Investors have become enamored with alternative ways to slice and dice the indices. According to Morningstar, “Strategic Beta” now accounts for 21% of total industry (ETP) assets, up from under 5% in 2000. As assets have exploded, so too has the number of strategic-beta ETPs, which have grown from 673 to 844 in the past year, while assets grew 25% to $497 billion.
While much of the focus is on the nomenclature- “smart” vs. “factor” vs “strategic,” perhaps the most important aspect is being overlooked; like all things investing, the product won’t to be drive returns as much as your behavior will.
To demonstrate this point, I chose five popular strategies that differ from the traditional plain vanilla cap-weighted index: Nasdaq US Buyback Achievers Index, S&P 500 Equal Weight Index, Nasdaq US Buyback Achievers, MSCI USA Momentum Index and the S&P 500 Low Volatility index.*
Every one of these Smart Beta strategies has outperformed the S&P 500 from 2007-today**. The problem investors run into, as you can see below, is that very often the best performing in each year lagged the S&P 500 in the prior year.
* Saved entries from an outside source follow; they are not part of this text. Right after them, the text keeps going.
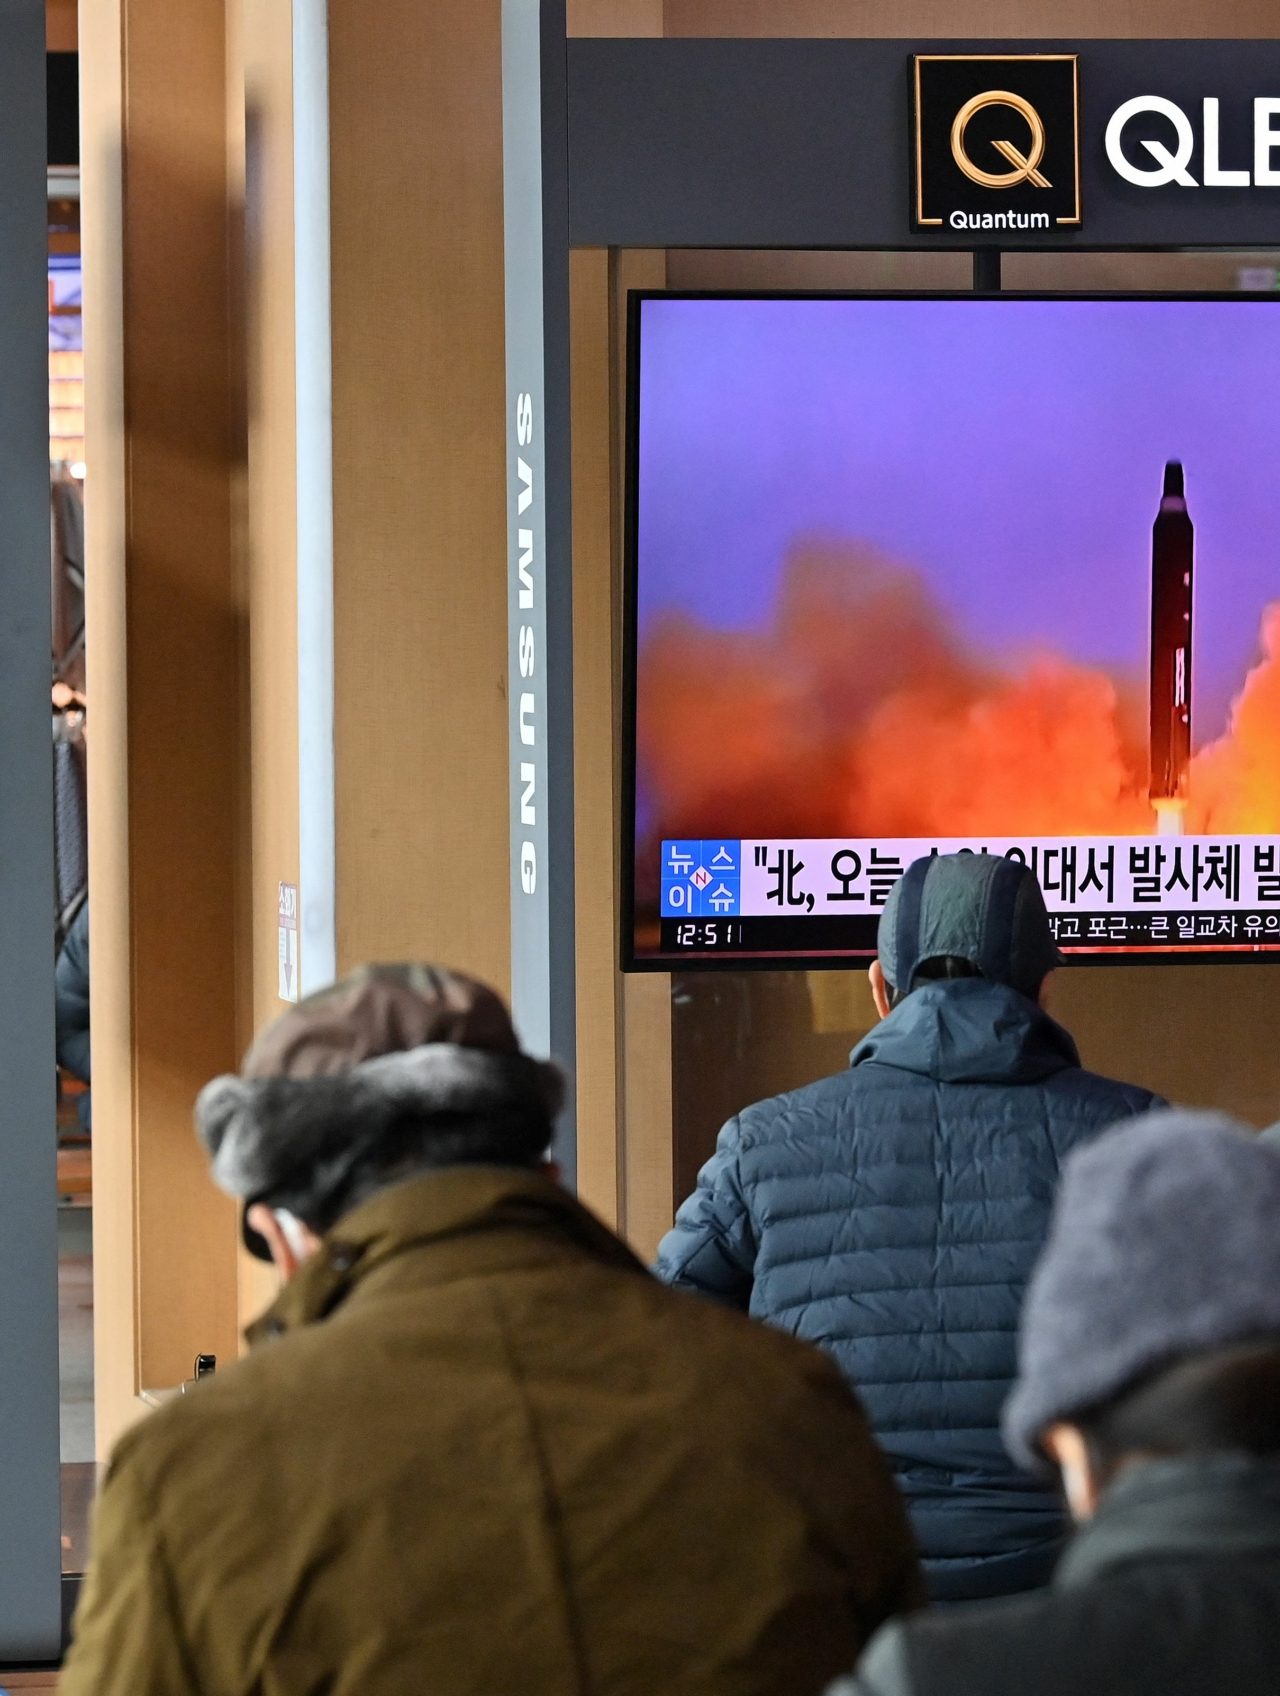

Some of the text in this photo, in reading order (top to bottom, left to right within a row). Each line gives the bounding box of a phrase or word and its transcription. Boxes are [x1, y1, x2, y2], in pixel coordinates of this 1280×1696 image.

[950, 89, 1053, 188] Q
[948, 210, 1050, 231] Quantum
[517, 392, 537, 896] SAMSUNG
[667, 845, 736, 875] 뉴스
[826, 848, 904, 906] 오늘
[1129, 844, 1241, 903] 발사체
[668, 883, 736, 914] 이슈
[676, 924, 732, 945] 12:51
[1176, 915, 1238, 939] 일교차
Myopia is a huge impediment to successful investing as much of our “discipline” is driven by “what have you done for me lately?”
Each of these five strategies has outperformed the S&P 500 over the previous eight years.
Had you chased the prior year’s best strategy, you would have compounded your money at just 3.5%, less than the 6% you would have earned if you invested in the prior year’s worst strategy. This goes to show that mean reversion is a powerful force for a proven, repeatable process.
Anything other than a plain vanilla market-cap-weighted index has shown to outperform overtime. My friend Patrick O’Shaughnessy, in his great book Millennial Money, notes that “if you bought all large stocks in the United States that started with the letter C, you’d have outperformed the S&P 500 by 0.5 percent per year since 1962.”
One of the fundamental drivers of investors’ returns is having a disciplined process. The key is to find a strategy that you can live with; something that meshes with your investing DNA. Jumping from strategy to strategy is guaranteed to lead to poor returns.
*I used index returns for SPLV and MTUM; the ETFs are four and two years old, respectively.
**The earliest common date for these five products is 2007.